This Homemade Bologna Recipe shows how radically food manufacturers have changed our taste expectations. That greasy, mushy pink stuff we’ve all eaten between slices of flat white bread is nothing like bologna used to be.
Homemade Bologna is thick, meaty, and full of deep flavors. No wonder your grandpa enjoyed it with a smear of mustard and a slab of cheese on homemade bread. Now you can enjoy it, too, and with none of the guilt for eating the fatty, flavorless stuff from the store.
Homemade Bologna Recipe
It starts off simply enough, using ingredients you can pick up at any grocery store: meat, garlic powder, onion powder, liquid smoke, salt and a bit of brown sugar if you want. As for equipment, you can get away with using a food processor, but a stand mixer is even easier.
One homemade bologna recipe I found called for Accent seasoning, which is MSG. I’d never use MSG in a homemade product, but if you want that home-cured taste, then Morton’s Tender Quick is a must. I’ve made it both with and without Tender Quick, and while the flavor is much deeper when I use it, it’s also good without. It’s up to you and your taste preferences.

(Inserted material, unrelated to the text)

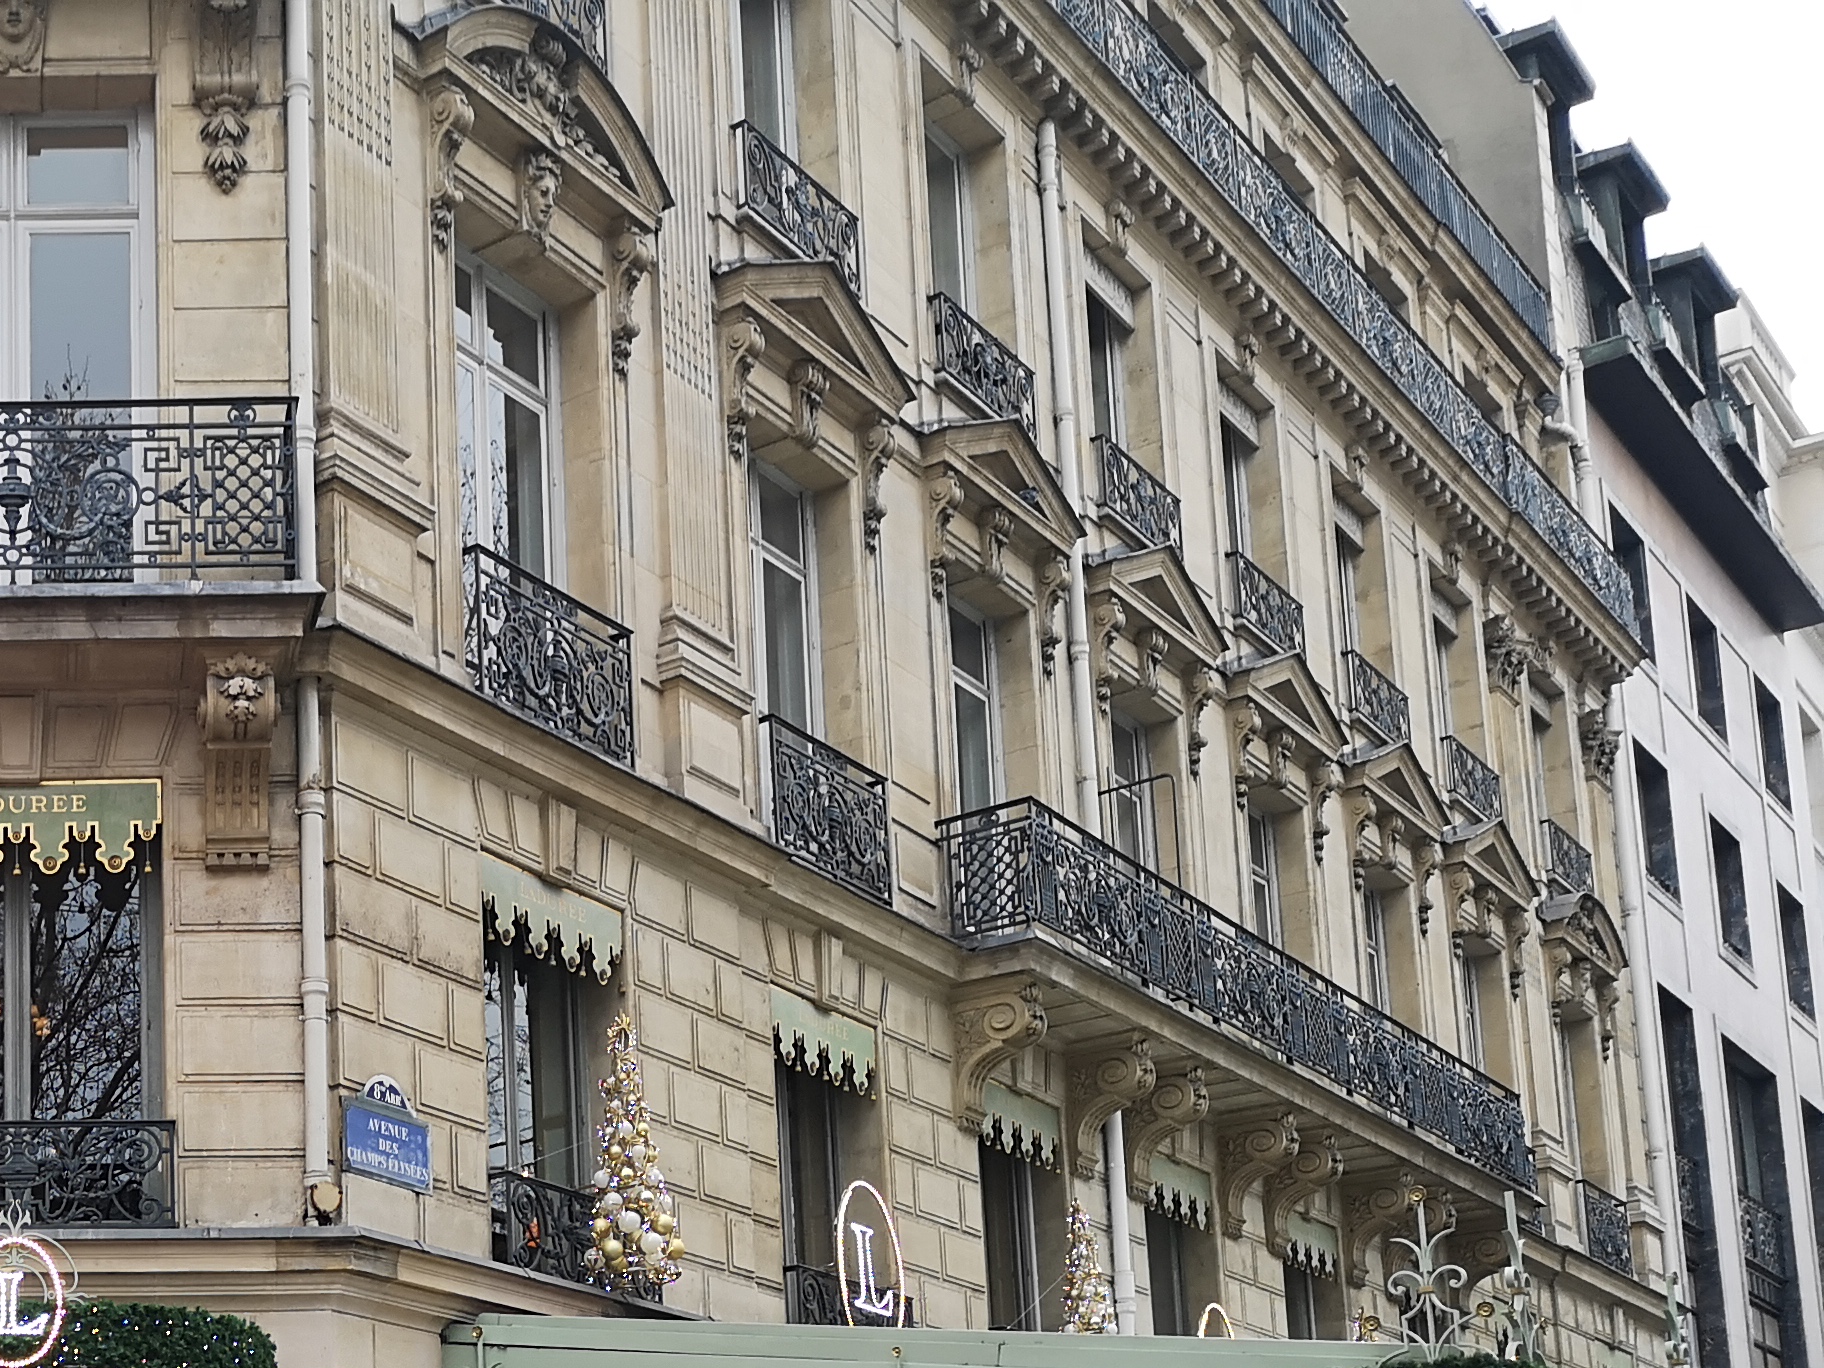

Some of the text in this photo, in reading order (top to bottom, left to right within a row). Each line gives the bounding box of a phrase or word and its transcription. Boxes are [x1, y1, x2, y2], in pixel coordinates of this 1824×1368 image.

[367, 1117, 409, 1142] AVENUE
[379, 1137, 399, 1155] DES
[347, 1146, 429, 1181] CHAMPS ÉLYSÉES
[850, 1222, 894, 1318] L

Now, here in the Midwest, knowing how to make good homemade bologna is a matter of pride. Unlike the floppy pink slices from the store, homemade bologna is more like salami or summer sausage. That’s not to say it’s spicy, although you can certainly make it that way. The main difference is that homemade bologna is meaty no matter how thinly you slice it.

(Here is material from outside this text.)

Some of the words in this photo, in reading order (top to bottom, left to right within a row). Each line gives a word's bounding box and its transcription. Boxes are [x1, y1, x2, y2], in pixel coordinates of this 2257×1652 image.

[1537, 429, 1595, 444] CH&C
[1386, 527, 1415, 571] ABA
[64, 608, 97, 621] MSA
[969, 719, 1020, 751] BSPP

That meatiness turned me off the first time because it seemed more like a burger than the smooth stuff of my childhood. A little research revealed the problem: I didn’t know to emulsify the meat by adding ice water before shaping and cooking it. That step has made a world of difference in the texture of my homemade bologna recipe.
Once you’ve combined the meat and ice water, you must transfer the bowl to the freezer. This accomplishes two things: first, it allows the meat to firm back up before shaping; and, second, it’s essential for food safety. Ten minutes should do it.
Take half of the meat out and shape it into a log, then wrap this tightly with plastic wrap. Use a twist-tie to keep the ends shut, so the log maintains its shape.
Proceed with the rest of the meat, then transfer the logs to the refrigerator for 24 hours. This step improves the flavor and lets the moisture in the beef move through the entire product. After that, unwrap and cook it in the oven on a baking rack propped over a rimmed baking sheet, so excess fat can drip out without making the outside of the bologna greasy.
The initial cooking time of 30 minutes at 300°F dries the exterior which helps the bologna maintain its shape. The rest of the cooking at 250°F for 2 1/2 hours cooks it all the way through, which is vital to food safety. Once cooked, let it cool completely before refrigerating or freezing for future use.
The result? A smooth yet meaty homemade bologna with a hint of smoky garlic flavor that’s perfect on homemade hamburger buns or with cheese and homemade crackers.
IMPORTANT NOTE: If you skip the Tender Quick and use sea salt, you need to eat or freeze this homemade bologna within three days, just as you’d need to eat anything made of ground meat in that time frame. With the TQ, it’ll stay good for at least a month in the refrigerator.
Frankly, it never lasts that long in our house. The instant my husband finds out that I’ve bought the ingredients for my homemade bologna recipe he starts defrosting hamburger buns to make his favorite sandwiches. With a little red onion, a little mustard, and some fresh lettuce, he’s on top of the world!
- 3 pounds ground beef
- 1 cup ice cold water
- 1 tablespoon sea salt OR 1½ tsp. Tender Quick
- 1 tablespoon brown sugar
- 1 teaspoon all-natural liquid smoke flavor
- ½ teaspoon garlic powder
- ½ teaspoon onion powder
- In the bowl of a food processor or stand mixer, combine all of the ingredients until smooth. Transfer the bowl to the freezer for 10 minutes before proceeding.
- Remove the bowl of meat from the freezer and divide the mixture in half. Using damp hands, form each half into a log. Compress it tightly as you work. Wrap each log in plastic wrap and use twist-ties to secure the ends tightly. Refrigerate flat for 24 hours.
- Preheat oven to 300° F / 150° C / gas mark 2.
- Remove plastic wrap from meat and carefully transfer both logs to a baking rack propped over a rimmed baking sheet. Bake for 30 minutes, turning halfway through.
- Reduce heat to 250° F / 130° C / gas mark 1 and cook an additional 2½ hours. Remove from oven and allow to cool completely. Refrigerate up to 3 days. May be frozen for longer storage.